I love how Bill Ruh, Chief Digital Officer at GE, the company that launched the Industrial Internet concept and Consortium and clearly is among those who are most active in the Industrial Internet of Things (both terms de facto are used interchangeably) put it on Forbes today. I quote: "Terms like IoT are absurdly confusing — OK, connect the machine and get data off it. Everybody can do that. Well, no—that’s a simplistic, cartoonish version of the IoT world."
Next, there is this strange split-up between artificial intelligence, predictive analytics and machine learning. True, they are not entirely the same but as far as I know there isn't a lot of predictive analytics going on without techniques from artificial intelligence and machine learning, is there?

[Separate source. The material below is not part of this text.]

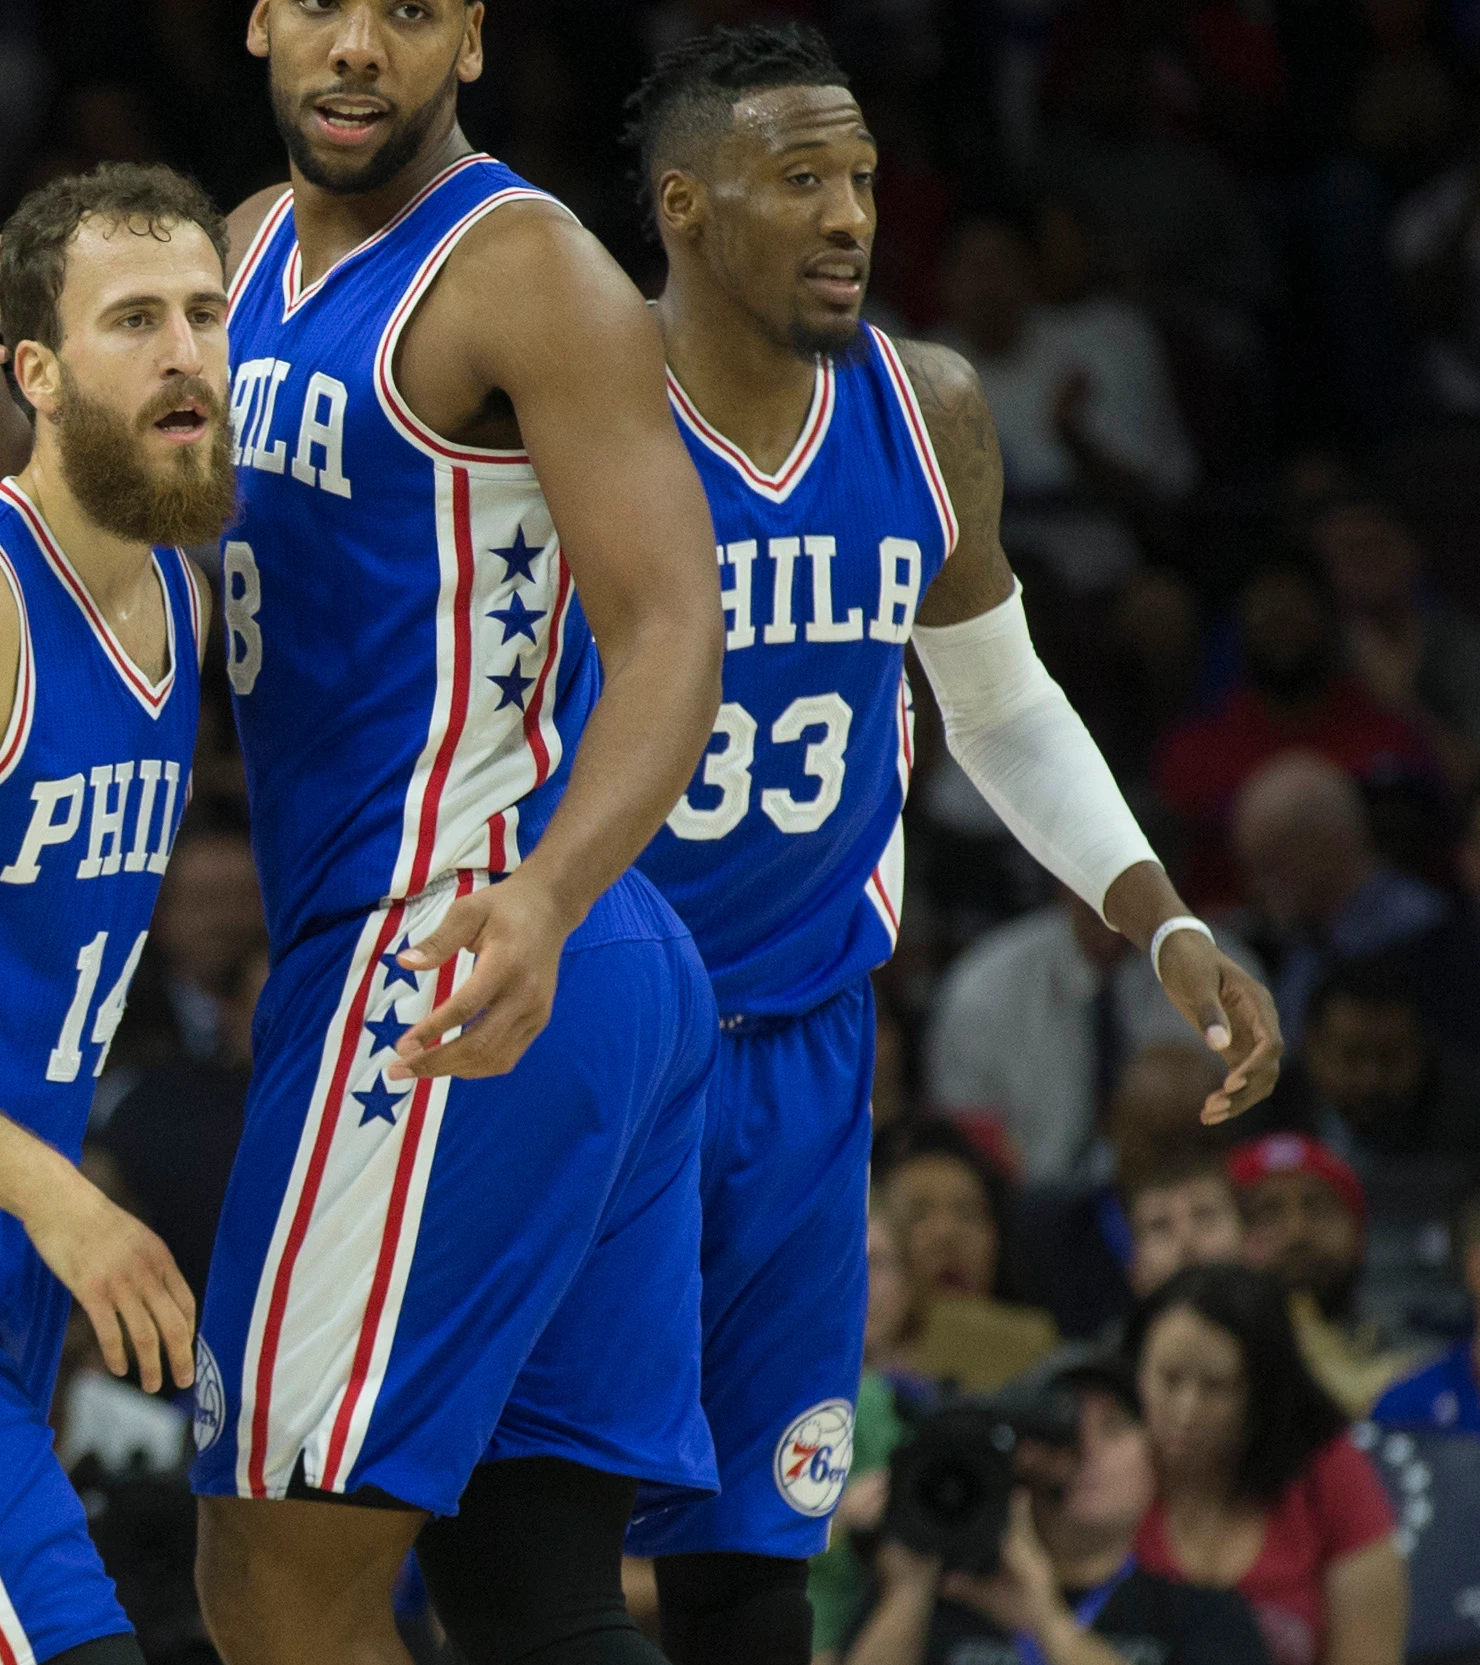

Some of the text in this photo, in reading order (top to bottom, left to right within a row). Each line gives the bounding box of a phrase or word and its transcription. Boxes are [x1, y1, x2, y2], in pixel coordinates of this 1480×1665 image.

[228, 357, 352, 500] HILA
[716, 535, 922, 652] HILA
[666, 692, 853, 841] 33

Do marketers understand technologies (enough)?
It makes me wonder if, marketers really grasp the meaning and most of all purpose and possibilities of the technologies Marketo questioned them about.
And that brings me to a second point. Whereas 'global' marketers as Marketo calls them (in reality marketers from the UK, Australia, Germany and France) rank the usage of the Internet of Things high in their 2017 marketing technology priority list and predictive analytics only ranks fourth with little over a quarter of participants, we see the exact opposite picture in the US.

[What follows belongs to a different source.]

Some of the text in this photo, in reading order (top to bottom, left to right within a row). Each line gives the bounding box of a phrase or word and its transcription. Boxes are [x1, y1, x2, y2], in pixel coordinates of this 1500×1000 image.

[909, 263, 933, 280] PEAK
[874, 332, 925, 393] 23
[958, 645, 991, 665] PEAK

Just watch the infographic below from Marketo (source). By far the main technology that US marketers want to incorporate in their marketing strategy in 2017 is predictive analytics with a whopping 69.55%. The Internet of Things which, again, is not a technology, ranks second with only 29.09%.
There are several discrepancies regarding the usage of other technologies too. One can only wonder if this has to do with different mentalities and market realities (however, Europeans, for instance, in general don't strike me as being the most bullish regarding AR, VR and all the new 'stuff' out there) or if there is little meaning to be derived from the survey whatsoever.
If the latter is the case, let's agree on one thing though: stop calling the Internet of Things a technology and focus on the integrated perspective with the various technologies and 'phenomena' as enablers of better customer experience and marketing. The same goes for marketing automation, the area where Marketo is active in, and all the other platforms in the marketing and customer service technology stack.
It's the customer and outcome that matters. But you knew that already.